Union deduplicated execution: compute_execution_plan unions changed-test nodes, regression nodes, and deleted-source guard nodes into one schedule keyed by pytest node id. Changed-test nodes form wave 1 (-m not npu); mapped regression and guard nodes form wave 2 (-m "not npu and not nightly and not network"), excluding exemptions.tests. Duplicate node ids appear once (changed-test reason wins). Config-triggered full suite bypasses node selection and runs tests/ with -m not npu. Shell entry scripts (run_smoke.sh, run_regression.sh, run_benchmark.sh) pass -o addopts= so explicit -m expressions are not stacked on pyproject defaults. Nightly phase 1 uses coverage flags when writing the external test_map.
Coverage fallback for import-time symbols: gate_new_source and gate_modified_source accept optional repo-root .coverage. When a changed symbol lacks a test_map entry, symbol_lines_covered_in_data may clear the block if any changed line was executed — including import-time or conftest paths (empty coverage context). This replaces the legacy Phase 0 flow that ran new tests with --cov, merged an in-memory map, and re-validated policy. ci_gate reads the nightly-maintained external test_map only; it does not refresh the map during PR runs.
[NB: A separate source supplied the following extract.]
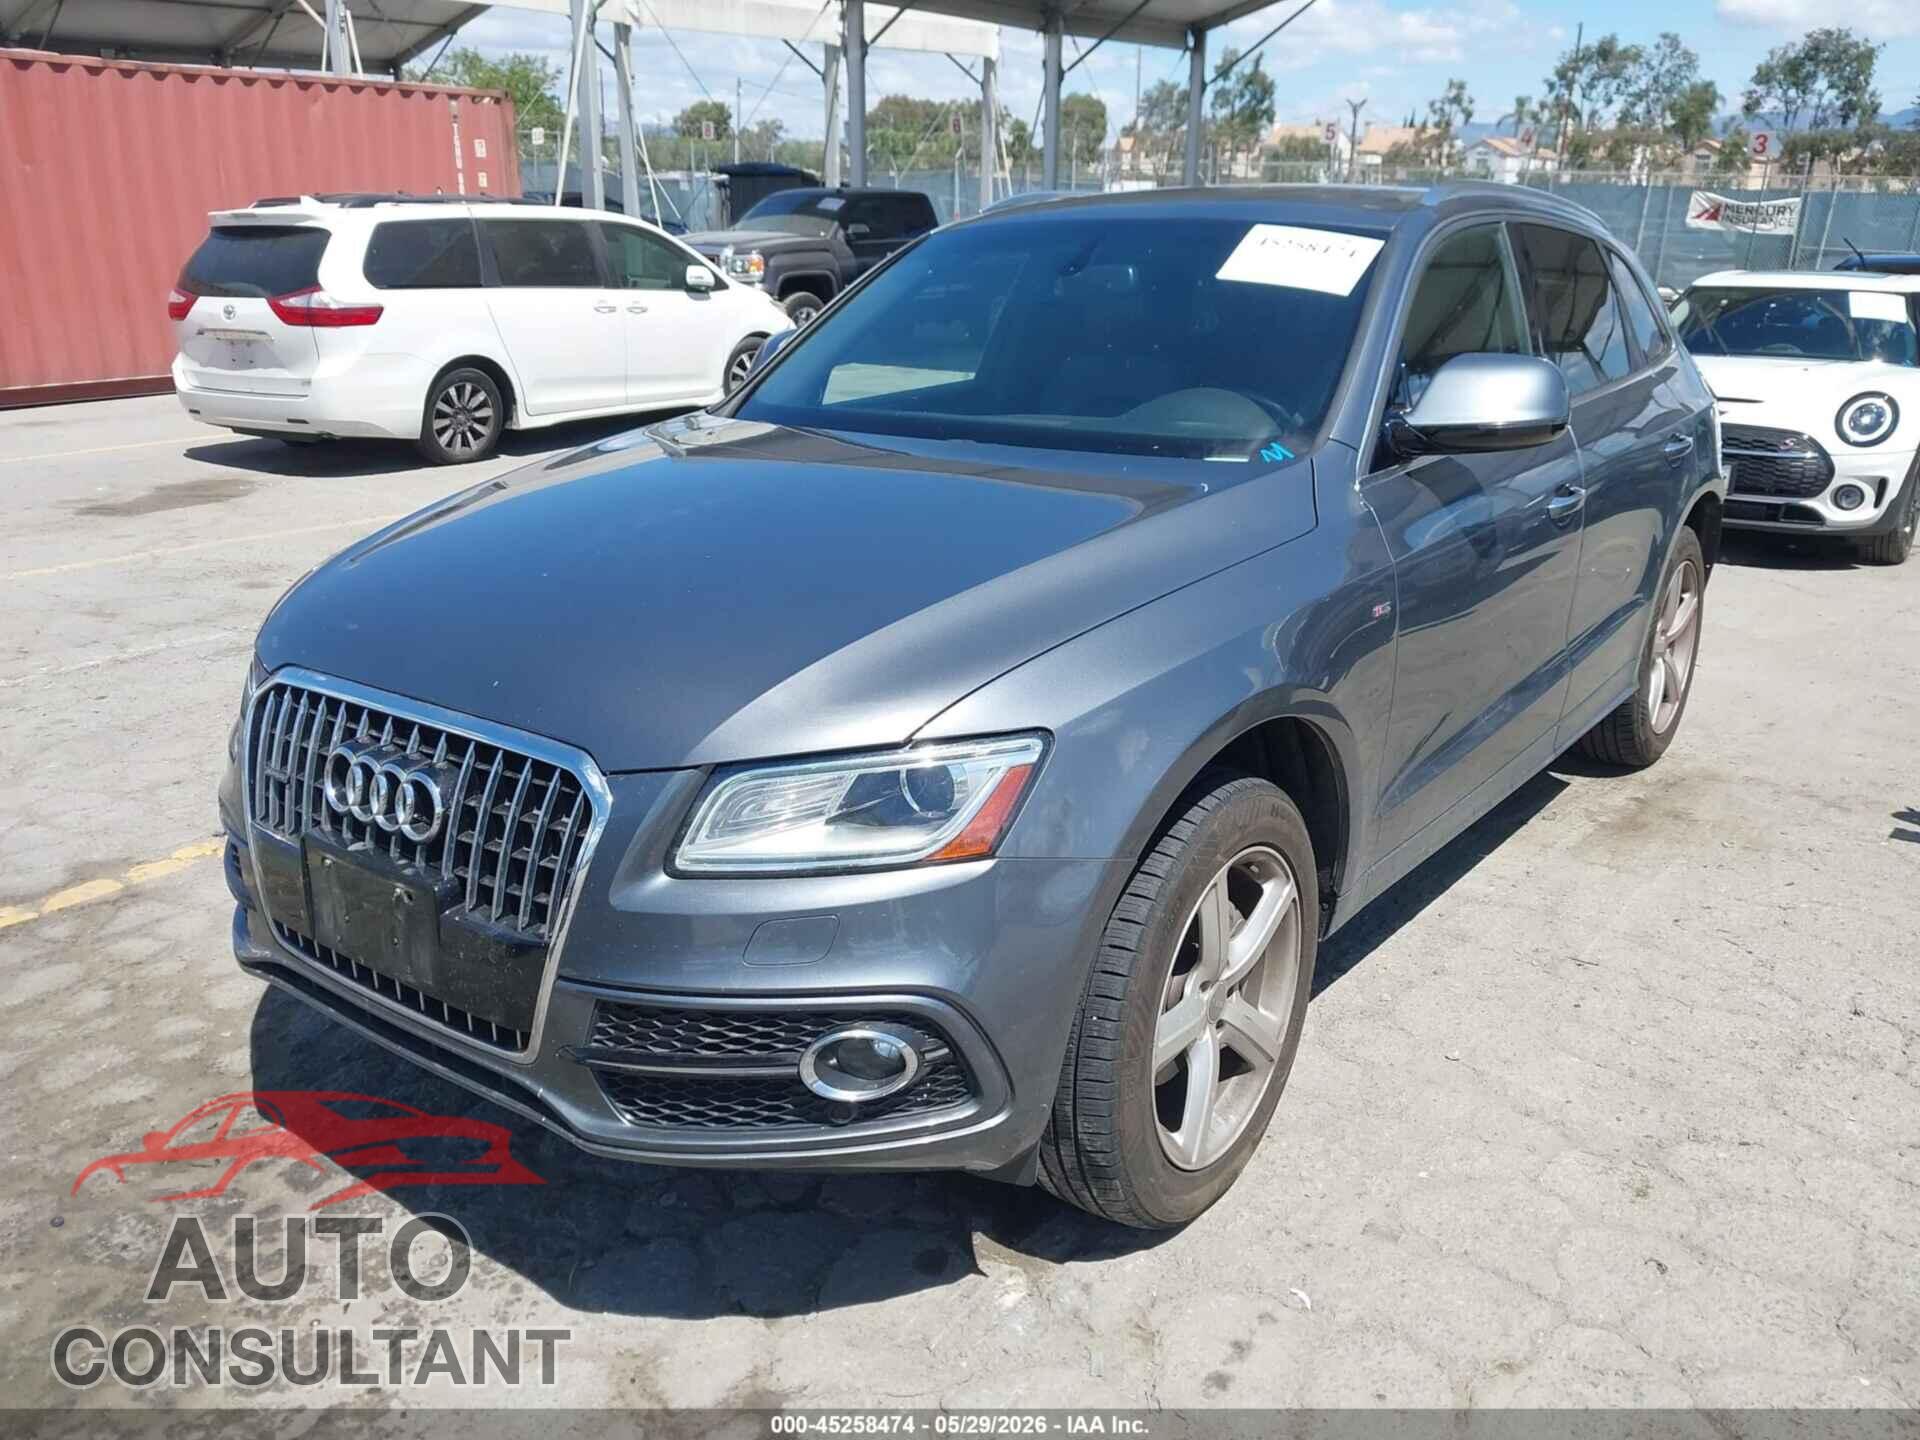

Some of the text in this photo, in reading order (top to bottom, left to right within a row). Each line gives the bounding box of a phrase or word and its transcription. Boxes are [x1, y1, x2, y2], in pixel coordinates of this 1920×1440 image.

[1326, 123, 1335, 141] 5
[1753, 133, 1768, 154] 3
[1725, 203, 1794, 217] MERCURY
Step 4: Hub Connectivity and Session Cache
tests/conftest.py applies Hub offline flags when MSMODELING_OFFLINE=1. Subdirectory conftest.py files must not mutate sys.modules for product packages at import time; tests/smoke/test_conftest_hygiene.py guards against cross-suite pollution. Cache directories default to .msmodeling_cache. After the session, weight shards under that directory are removed when MSMODELING_TEST_WEIGHTS_PRUNE=1.
scripts/lib/common.sh sets Hub-related defaults before pytest starts: MSMODELING_HF_TRUST_REMOTE_CODE_TIMEOUT=0 and MSMODELING_MODELSCOPE_CONFIG_ONLY=1.
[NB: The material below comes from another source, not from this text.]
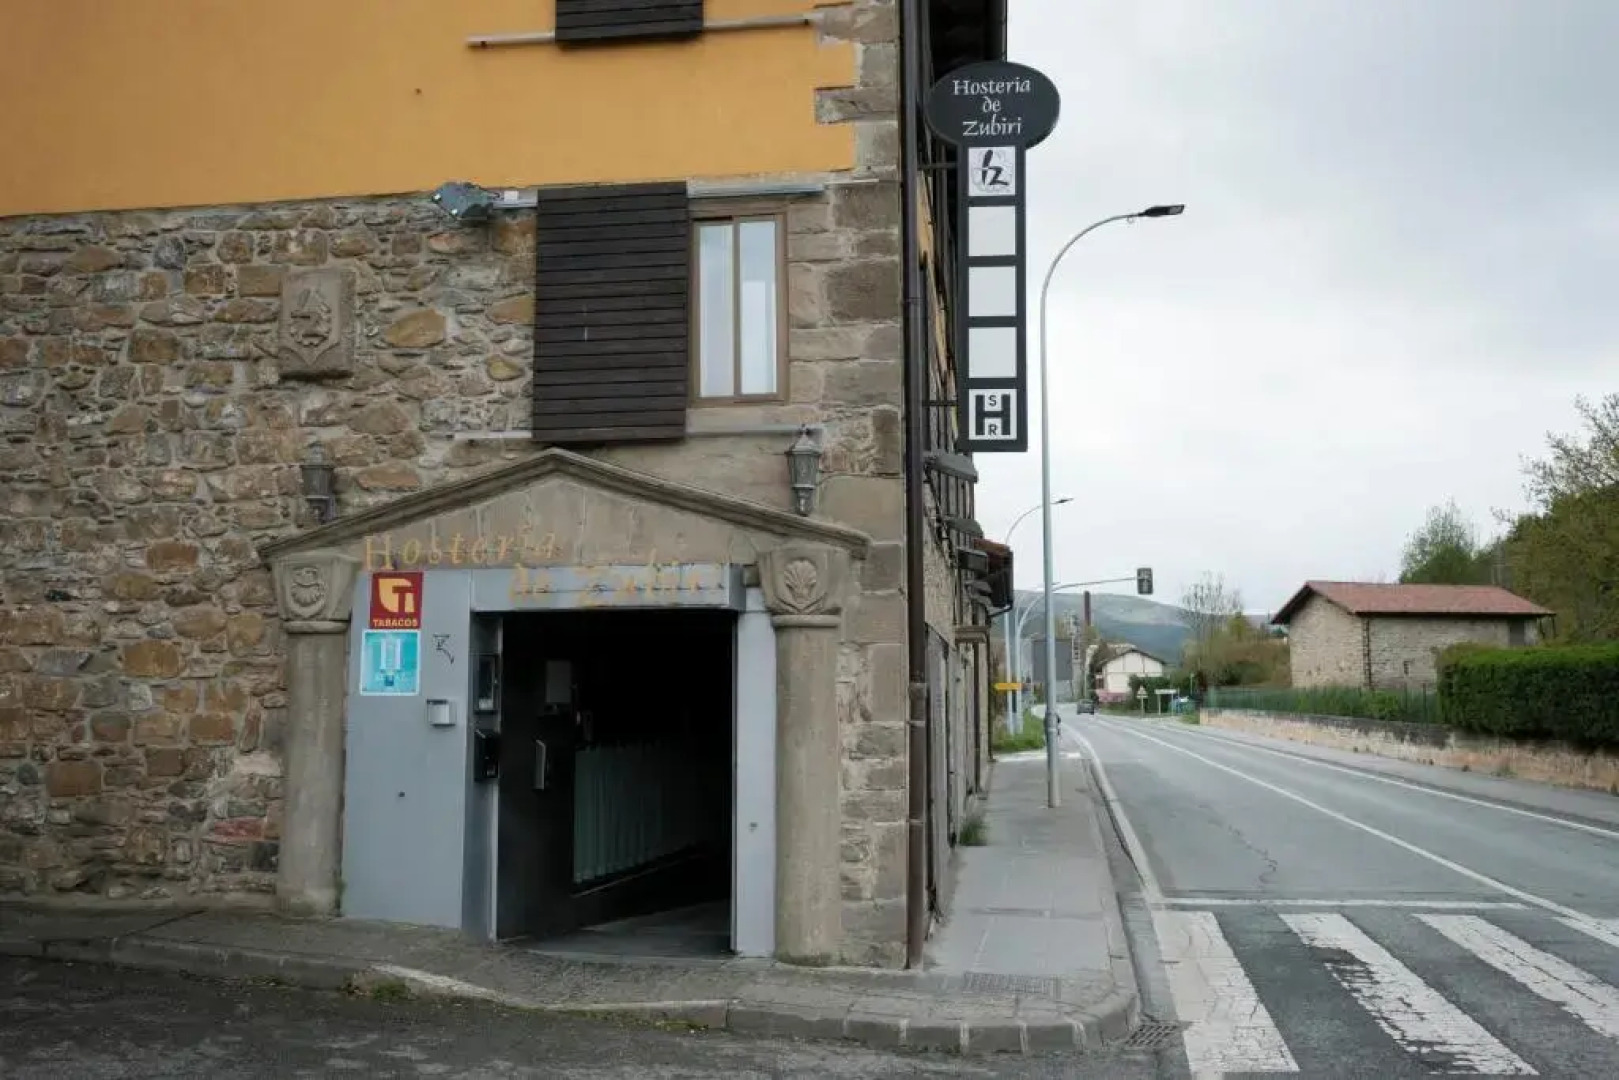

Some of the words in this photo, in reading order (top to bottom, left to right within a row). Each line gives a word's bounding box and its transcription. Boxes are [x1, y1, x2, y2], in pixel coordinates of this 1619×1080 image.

Session-level model reuse is centralized in tests/helpers/model_cache.py through module-level _HF_CONFIG_CACHE and _BUILT_MODEL_CACHE, shared across unittest and pytest entry points. tests/regression/tensor_cast/conftest.py re-exports get_session_model() and get_session_hf_config() over that cache. A built model is reused once per pytest session for each combination of build-determining inputs (including model_id and do_compile).
Step 5: Repository Execution Scripts
Shell scripts are the unified entry point for CodeArts build tasks and local debugging. Python logic for CI gate and nightly is invoked through run_ci_gate.sh and run_nightly.sh.
| Script | Responsibility | Coverage |
|---|---|---|
run_smoke.sh |
Full tests/smoke/; -o addopts=; marker not npu and not network; collect-then-xdist; -vv |
— |
run_regression.sh |
Full tests/regression/; same as smoke |
— |
run_ci_gate.sh |
Incremental smoke and regression via external test_map |
Plan-first: pre-run policy, deduplicated pytest waves; no --cov |
run_benchmark.sh |
Full tests/benchmark/, marker not npu and not network, optional -n auto when MSMODELING_BENCHMARK_PARALLEL=1 |
— |
run_nightly.sh |
Four-phase nightly pipeline via scripts/helpers/nightly/main.py |
Phase 1: --cov; 60/40 thresholds in report |
Local developers run run_smoke.sh and run_regression.sh directly. CI PR incremental runs use run_ci_gate.sh with MSMODELING_TEST_MAP_PATH pointing to the runner-maintained JSON file.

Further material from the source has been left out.